[Opening DATA UNDER STUDY section]
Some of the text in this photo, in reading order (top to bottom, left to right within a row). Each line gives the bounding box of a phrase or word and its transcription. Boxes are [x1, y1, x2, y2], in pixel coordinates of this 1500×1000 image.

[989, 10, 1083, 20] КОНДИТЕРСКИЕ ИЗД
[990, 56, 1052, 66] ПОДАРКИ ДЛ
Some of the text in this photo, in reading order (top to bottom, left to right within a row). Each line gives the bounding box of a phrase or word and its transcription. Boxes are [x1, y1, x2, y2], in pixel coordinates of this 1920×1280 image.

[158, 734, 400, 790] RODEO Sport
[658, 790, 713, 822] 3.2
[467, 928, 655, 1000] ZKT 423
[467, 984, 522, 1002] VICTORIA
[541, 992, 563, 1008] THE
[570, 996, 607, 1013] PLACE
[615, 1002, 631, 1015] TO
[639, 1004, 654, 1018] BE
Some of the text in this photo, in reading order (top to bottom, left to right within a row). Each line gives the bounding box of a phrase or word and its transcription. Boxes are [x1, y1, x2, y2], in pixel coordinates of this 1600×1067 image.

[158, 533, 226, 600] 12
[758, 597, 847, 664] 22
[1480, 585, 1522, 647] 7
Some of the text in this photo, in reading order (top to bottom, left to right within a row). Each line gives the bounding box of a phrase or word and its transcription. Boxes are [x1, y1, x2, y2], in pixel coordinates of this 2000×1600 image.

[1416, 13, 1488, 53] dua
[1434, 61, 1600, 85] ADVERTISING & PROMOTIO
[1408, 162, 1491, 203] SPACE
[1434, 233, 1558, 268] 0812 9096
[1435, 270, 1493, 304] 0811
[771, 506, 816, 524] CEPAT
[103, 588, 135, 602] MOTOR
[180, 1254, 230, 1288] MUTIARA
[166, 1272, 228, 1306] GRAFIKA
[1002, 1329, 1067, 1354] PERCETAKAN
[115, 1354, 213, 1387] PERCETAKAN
[Closing DATA UNDER STUDY section]
EXERCISE INSTRUCTIONS
Find the line with "this 1600×1067 image." in the data above. Restate it and all later lines word for word, ending with the last line.

EXPECTED OUTPUT
Some of the text in this photo, in reading order (top to bottom, left to right within a row). Each line gives the bounding box of a phrase or word and its transcription. Boxes are [x1, y1, x2, y2], in pixel coordinates of this 1600×1067 image.

[158, 533, 226, 600] 12
[758, 597, 847, 664] 22
[1480, 585, 1522, 647] 7
Some of the text in this photo, in reading order (top to bottom, left to right within a row). Each line gives the bounding box of a phrase or word and its transcription. Boxes are [x1, y1, x2, y2], in pixel coordinates of this 2000×1600 image.

[1416, 13, 1488, 53] dua
[1434, 61, 1600, 85] ADVERTISING & PROMOTIO
[1408, 162, 1491, 203] SPACE
[1434, 233, 1558, 268] 0812 9096
[1435, 270, 1493, 304] 0811
[771, 506, 816, 524] CEPAT
[103, 588, 135, 602] MOTOR
[180, 1254, 230, 1288] MUTIARA
[166, 1272, 228, 1306] GRAFIKA
[1002, 1329, 1067, 1354] PERCETAKAN
[115, 1354, 213, 1387] PERCETAKAN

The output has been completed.